Every record is to be duplicated exactly as it reads, without its images.

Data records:
===

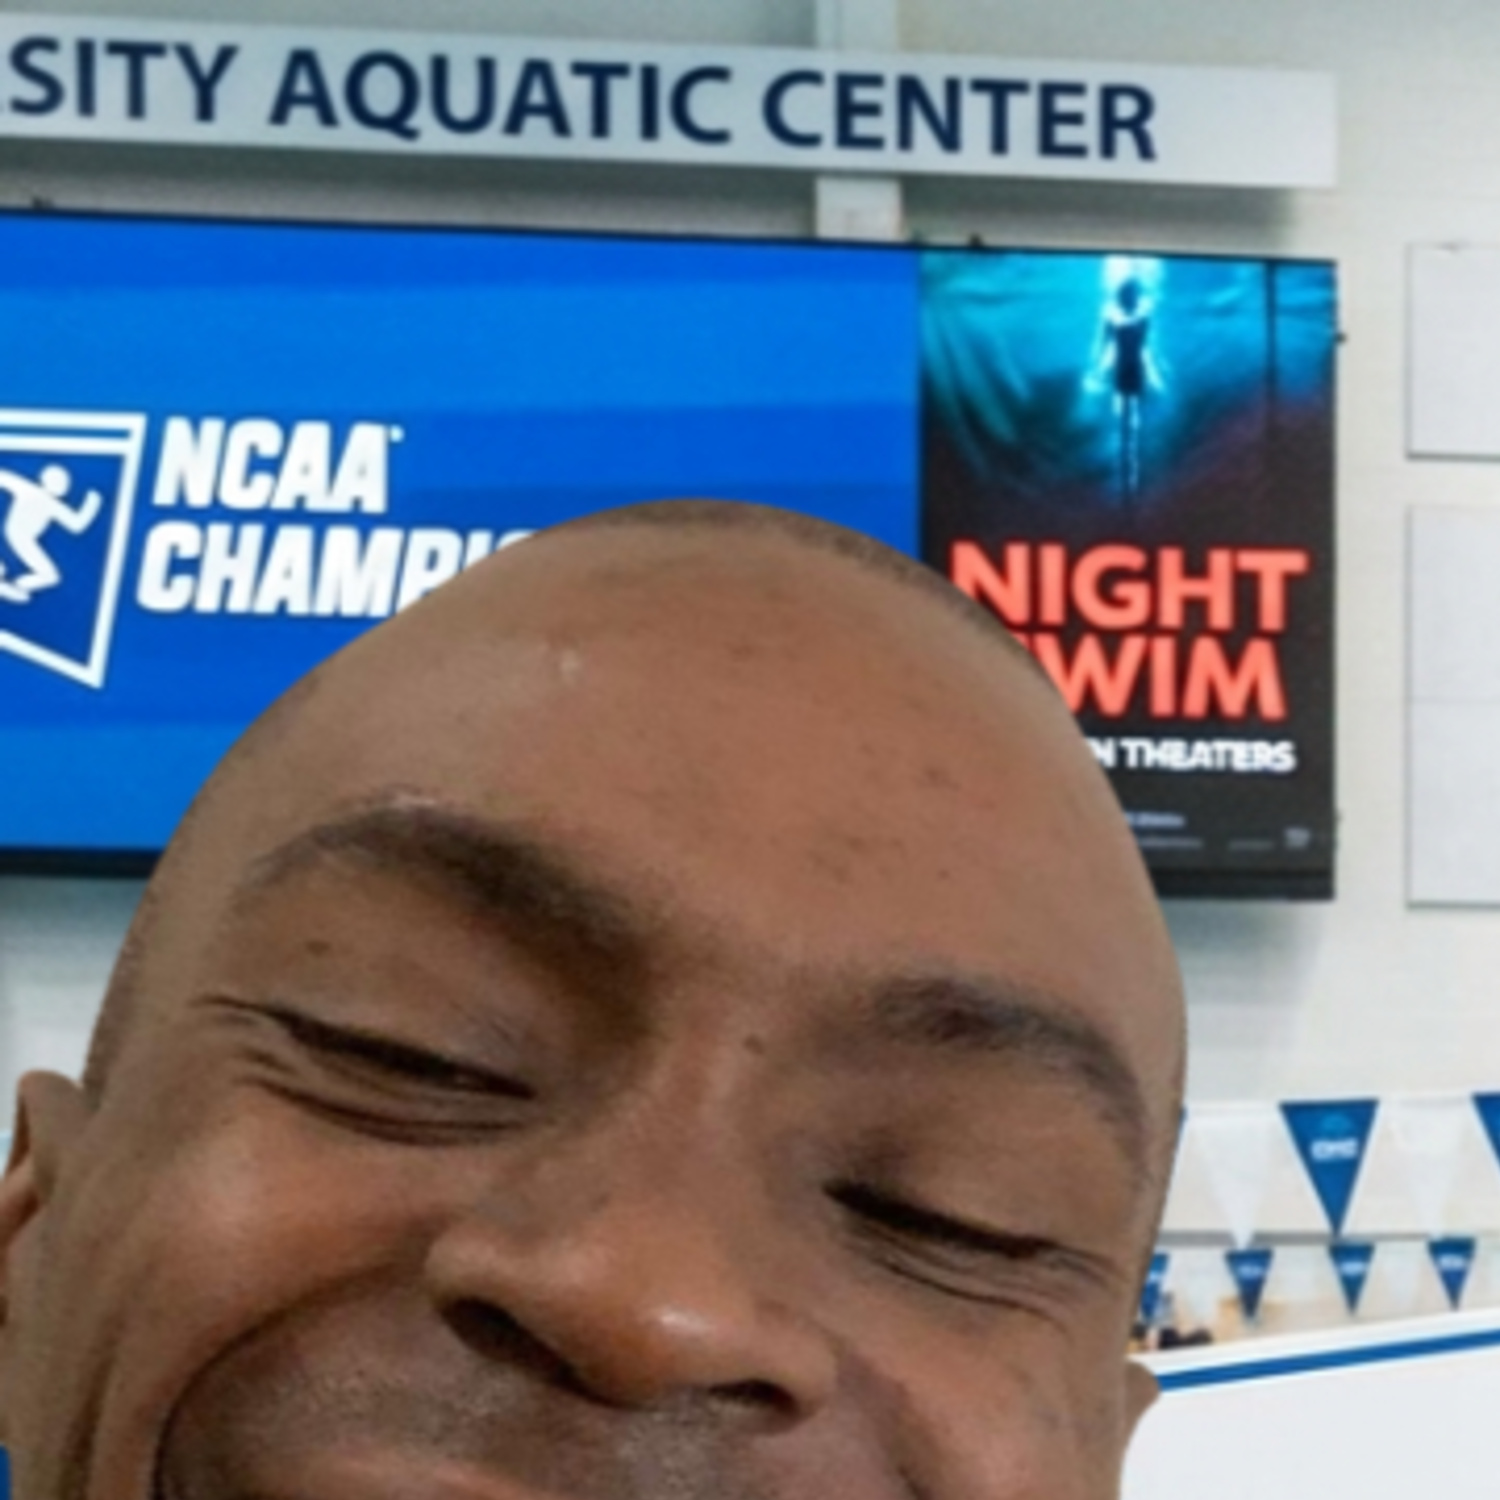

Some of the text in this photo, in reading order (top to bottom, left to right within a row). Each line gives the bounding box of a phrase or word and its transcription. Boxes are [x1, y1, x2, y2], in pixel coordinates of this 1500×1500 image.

[8, 36, 1157, 162] SITY AQUATIC CENTER
[153, 416, 390, 514] NCAA
[136, 519, 537, 618] CHAMP
[949, 540, 1309, 633] NIGHT
[1012, 631, 1287, 720] WIM
[1120, 738, 1297, 773] THEATERS
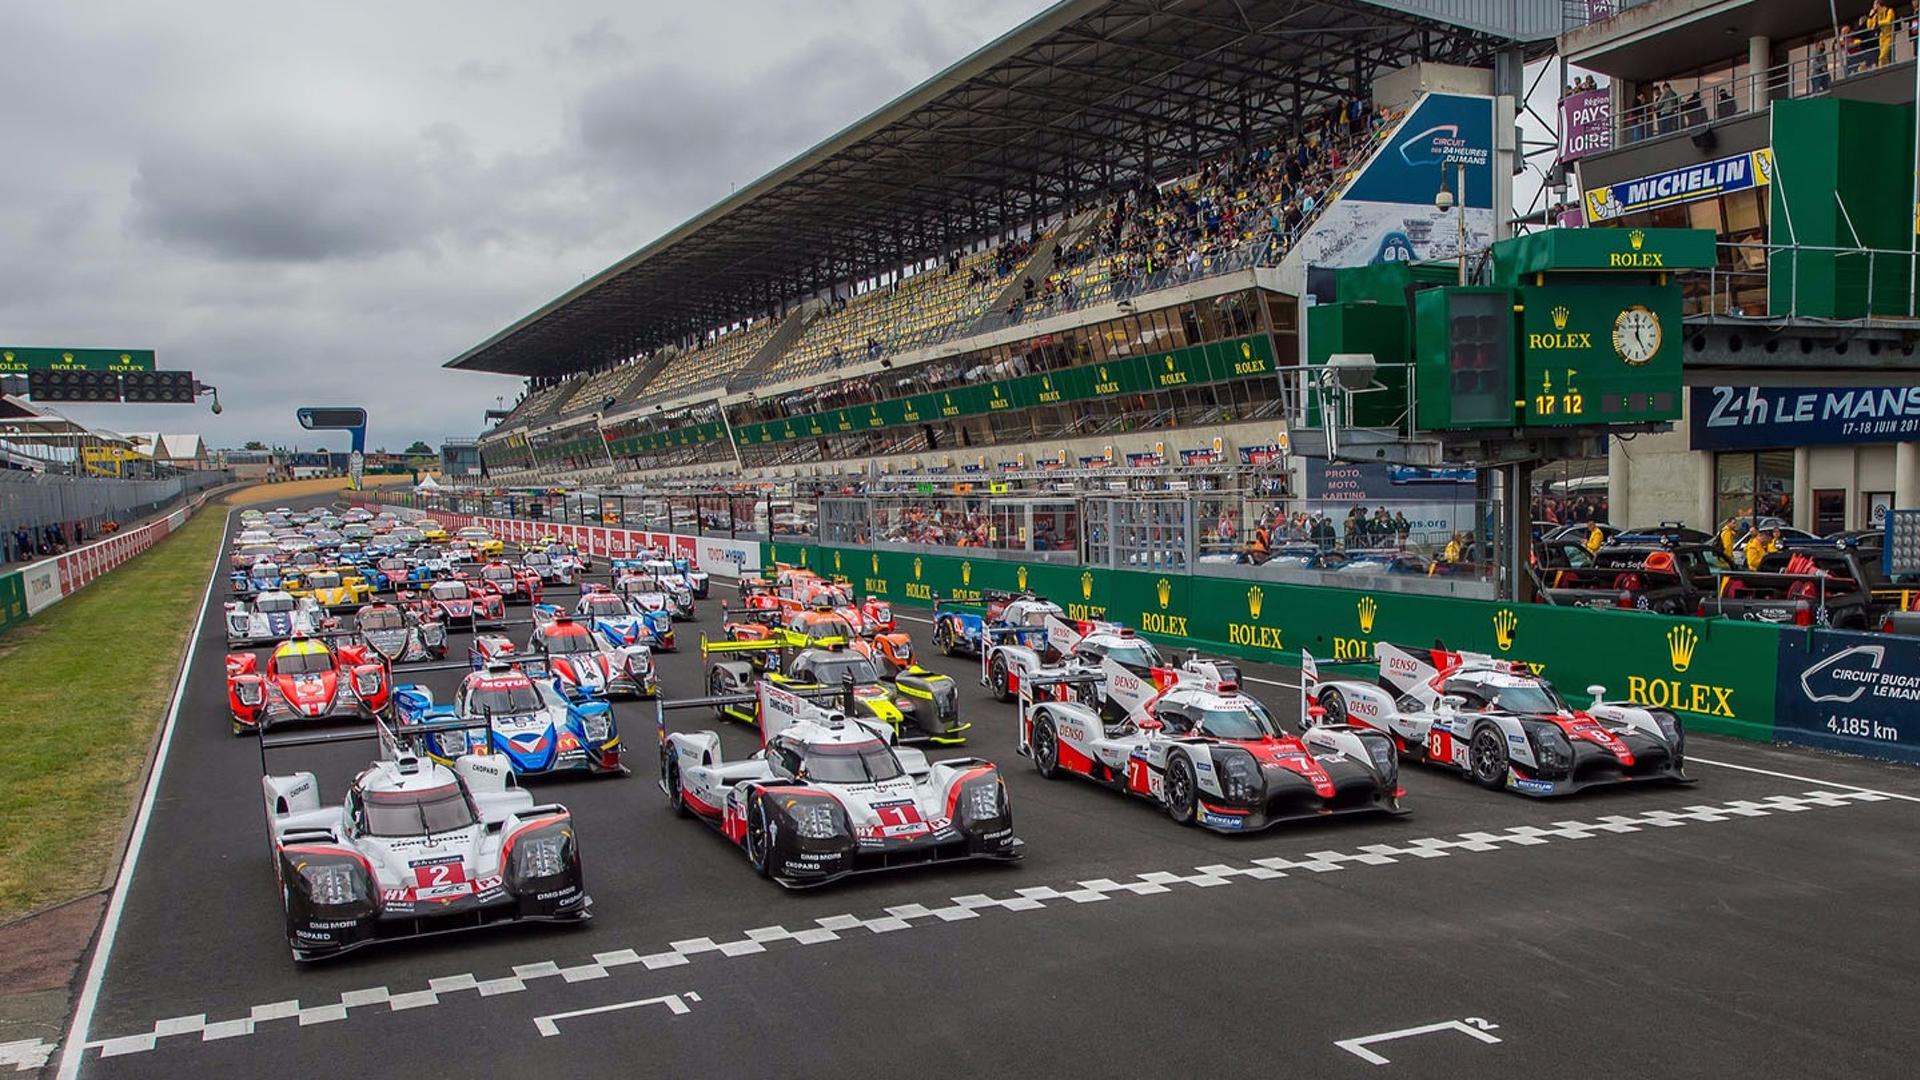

===

Result:
Some of the text in this photo, in reading order (top to bottom, left to right within a row). Each line gives the bounding box of a phrase or word and its transcription. Boxes are [x1, y1, x2, y2], in pixel coordinates of this 1500×1500 image.

[8, 36, 1157, 162] SITY AQUATIC CENTER
[153, 416, 390, 514] NCAA
[136, 519, 537, 618] CHAMP
[949, 540, 1309, 633] NIGHT
[1012, 631, 1287, 720] WIM
[1120, 738, 1297, 773] THEATERS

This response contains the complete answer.